Absolute quantification of the glycolytic pathway in yeast: deployment of a complete QconCAT approach.

Kathleen M Carroll1, Deborah M Simpson, Claire E Eyers, Christopher G Knight, Philip Brownridge, Warwick B Dunn, Catherine L Winder, Karin Lanthaler, Pinar Pir, Naglis Malys, Douglas B Kell, Stephen G Oliver, Simon J Gaskell, Robert J Beynon.   

Abstract

The availability of label-free data derived from yeast cells (based on the summed intensity of the three strongest, isoform-specific peptides) permitted a preliminary assessment of protein abundances for glycolytic proteins.

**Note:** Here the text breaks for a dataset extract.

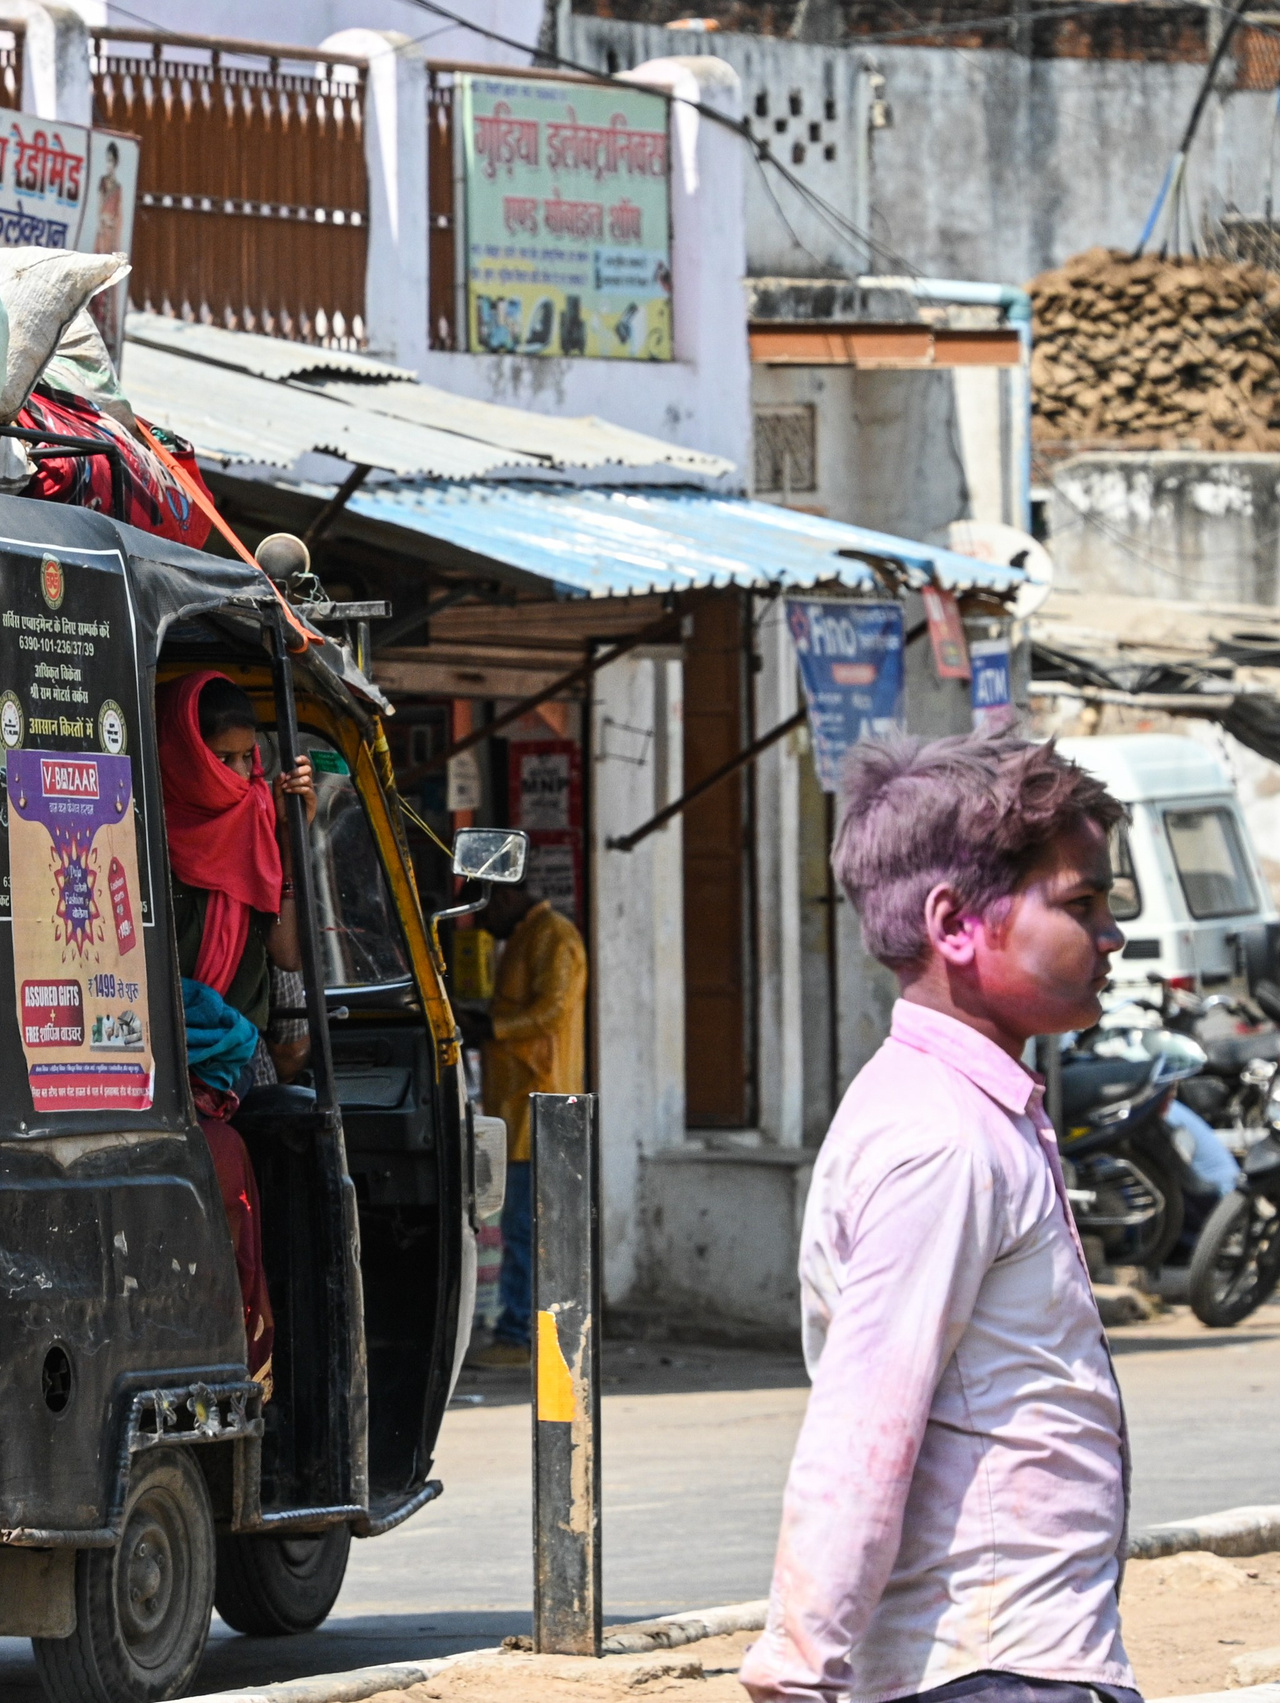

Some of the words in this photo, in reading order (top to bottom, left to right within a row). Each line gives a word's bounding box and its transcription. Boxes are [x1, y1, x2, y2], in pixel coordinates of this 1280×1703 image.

Following this analysis, we demonstrate successful application of the QconCAT technology, which uses recombinant DNA techniques to generate artificial concatamers of large numbers of internal standard peptides, to the quantification of enzymes of the glycolysis pathway in the yeast Saccharomyces cerevisiae. A QconCAT of 88 kDa (59 tryptic peptides) corresponding to 27 isoenzymes was designed and built to encode two or three analyte peptides per protein, and after stable isotope labeling of the standard in vivo, protein levels were determined by LC-MS, using ultra high performance liquid chromatography-coupled mass spectrometry. We were able to determine absolute protein concentrations between 14,000 and 10 million molecules/cell. Issues such as efficiency of extraction and completeness of proteolysis are addressed, as well as generic factors such as optimal quantotypic peptide selection and expression. In addition, the same proteins were quantified by intensity-based label-free analysis, and both sets of data were compared with other quantification methods.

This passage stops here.